Rachel’s school photo, in uniform.
Rachel grows up

Rachel doesn’t think twice about the fact that her dad isn’t around until she starts school, and hears everyone else talking about their dads.
   She wonders where her dad is, and whether he thinks about her sometimes.

Rachel has a vague memory of Robert, a man who lived with her mum for a while and who she called ‘dad’. She’s happy when he suddenly comes back.
   Mum is happy too. She and Robert had split up because he drank too much. Now she’s desperate to give Rachel a stable family and perhaps she thinks true love true will conquer all. That’s not what happens.

Mean and violent
Rachel’s stepfather gets mean when he drinks. One evening he hits her and drags her up a long flight of stairs by the hair.    After that she keeps away from him when he’s drunk. Except when he hits mum. Then she gets in between them, jumps up on a chair and screams at him to stop. But no one listens. Instead mum starts drinking too, so it’ll hurt less. When Rachel begs her to throw Robert out, she says:
   “I just need to try not to make him so angry.”
   Rachel doesn’t want to stay at home any longer. She hangs around town with her friends and when she’s 12, she starts drinking too.

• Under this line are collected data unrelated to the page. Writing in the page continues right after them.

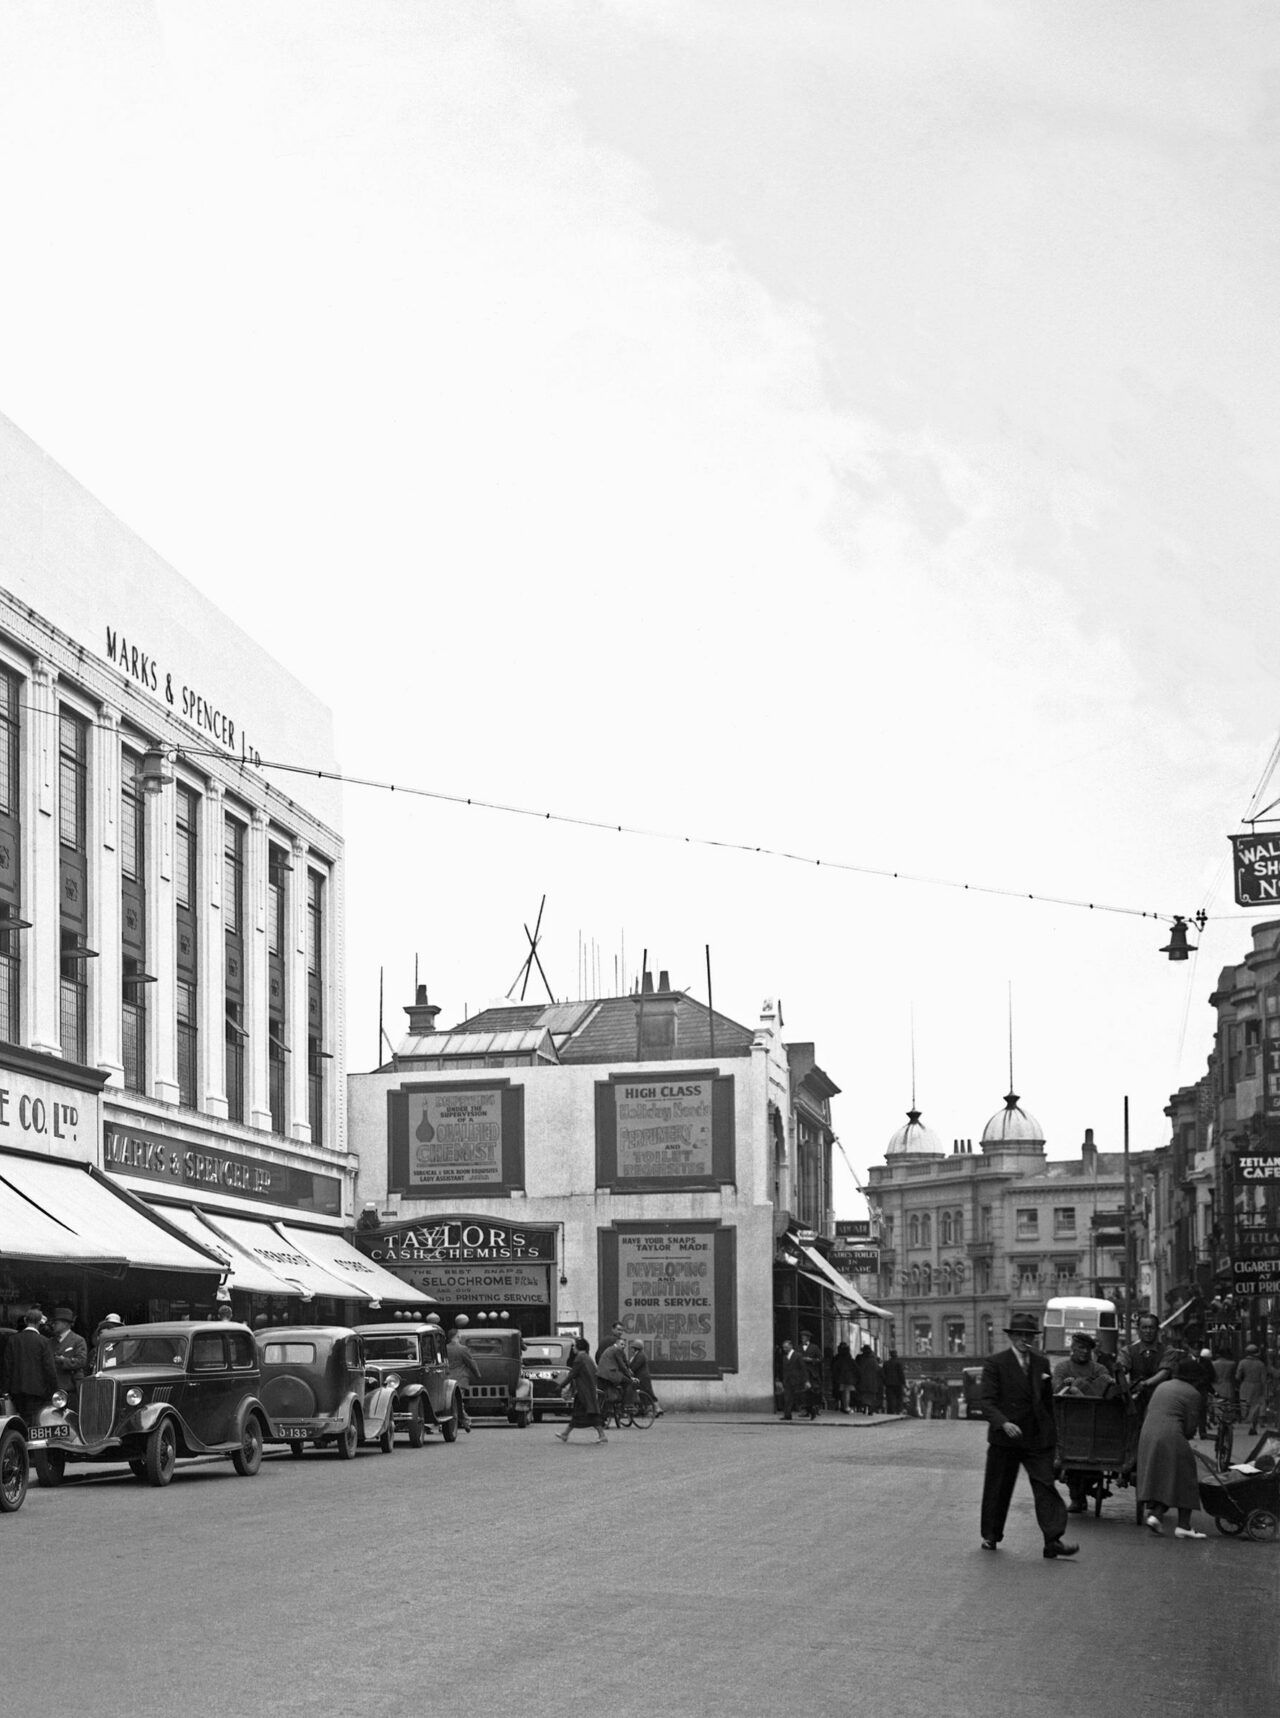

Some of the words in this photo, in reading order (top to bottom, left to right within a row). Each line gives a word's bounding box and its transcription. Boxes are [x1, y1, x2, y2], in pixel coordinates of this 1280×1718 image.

[106, 625, 158, 692] MARKS
[165, 672, 174, 705] &
[182, 685, 235, 750] SPENCER
[625, 1087, 656, 1099] HIGH
[660, 1085, 702, 1098] CLASS
[19, 1094, 48, 1135] CO.
[439, 1111, 488, 1119] SUPERVISION
[446, 1105, 468, 1113] UNDER
[470, 1104, 482, 1112] THE
[415, 1141, 498, 1163] CHEMIST
[632, 1150, 694, 1164] TOILET
[104, 1132, 166, 1172] MARKS
[169, 1152, 183, 1176] &
[183, 1151, 251, 1190] SPENCER
[436, 1174, 466, 1182] ASSISTANT
[667, 1236, 696, 1244] SNAPS
[370, 1249, 424, 1260] CASH
[436, 1247, 540, 1260] CHEMISTS
[626, 1262, 708, 1278] DEVELOPING
[422, 1275, 513, 1287] SELOCHROME
[631, 1280, 701, 1297] PRINTING
[1235, 1282, 1257, 1295] CUT
[455, 1293, 501, 1302] PRINTING
[503, 1293, 545, 1303] SERVICE
[624, 1298, 633, 1307] 6
[634, 1298, 661, 1307] HOUR
[664, 1298, 712, 1307] SERVICE.
[622, 1313, 712, 1335] CAMERAS
[30, 1427, 52, 1440] BBH
[54, 1425, 69, 1437] 43

Rachel with mother. Rachel 9 years old.

Rachel with her mum in England, before the problems started (left). Rachel, 9, in her school uniform.

Tired of life
By the time Robert finally leaves the family, it’s too late. Rachel’s mum is drinking day and night. Most of the time she just stares blankly in front of her. She often threatens to take her own life. Rachel tries to comfort her. But in the end, she doesn't want to carry on living either. She takes one of the bottles of wine her mum has hidden and mixes it with all the tablets she can find at home.
   Rachel survives, but is rushed to a hospital, where she is kept in isolation for three weeks. A social worker wants Rachel to move in with a foster family, but she refuses. Her mum wouldn't be able to cope on her own. In the end, despite everything, Rachel is sent home to her mum. For a while she meets with a psychiatrist once a week. He doesn’t think things are going to work out well for her.
   “By the time you reach 16 you'll either be dead, in prison or pregnant, or a combination of all those things, he guesses.

Factory job
Rachel drops out of school and takes a job at a factory to help pay for food and rent. At 14, she's too young really, but she lies about her age. In the evenings she goes out to bars, drinks and takes drugs. Sometimes she meets her mum when she's out. Her friends think it's fun. Rachel doesn't.
   She dreams of something better, like becoming a lawyer or a journalist. She gets the chance to work as a model for a teenage magazine, but the modelling agency says she's too short for the best modelling jobs. They suggest she poses for 'sexy' images instead. It's illegal to take those kinds of photos of a 14-year-old. Rachel uses make-up to look older.

Rachel as a teenager

Rachel, 14, working as a model.

Rachel runs away
When Rachel is 17, she can’t take it at home anymore. Her mother has become violent and flies into constant rages. Rachel runs away to Germany with some girls she’s only known for a day. After three weeks her money runs out and her new mates have moved on. Rachel has tried getting restaurant jobs all over town, but she’s been turned down everywhere. She finds herself in an area where there are dodgy bars and sex clubs. A red neon sign flashes ‘Girls, girls, girls’. Rachel thinks: “I’m a girl”, and goes down some stairs into the murky building. A few minutes and yet another lie about her age later, and she can start straight away.

A nightmare
At the club, Rachel’s job is to dance and sit on clients’ laps, drunken men who pull on her clothes. In the evenings she spends a long time in the shower, scrubbing herself until it feels like she’s going to lose a layer of skin. She often wonders how she ended up here. It’s like a nightmare that she can’t wake up from.

Falls in love
Rachel meets a guy in Germany, JP. He has big beautiful eyes and she falls in love. JP seems nice at first, but he takes all the money she earns to buy drugs. If she doesn’t earn enough one evening, he beats her. Sometimes he regrets it later.
   “You just need to try a bit harder, bring in more money,” he explains. Rachel doesn’t think there’s anything odd about JP saying he loves her while at the same time he beats her and says horrible things. She’s used to that from home.

Rachel as a nanny with children

Rachel’s job as a nanny helped her recover. When she talks about her recovery today, she says: “They loved me back to life.”

Escape!
It’s not until JP almost kills her that Rachel seeks help at a church. She finally leaves him and the club, and starts working as a a nanny for an American family.
F    or a long time, Rachel wakes up at night in a cold sweat, petrified. She has nightmares and her whole body aches from everything JP has done to her. But the family she’s working for gives her lots of love and in the end she starts feeling better.
   Rachel decides to help others and gets more involved in church. When she gets the opportunity to travel to the US and work in New York, helping women who sell sex to move on to a better life, she jumps at the chance.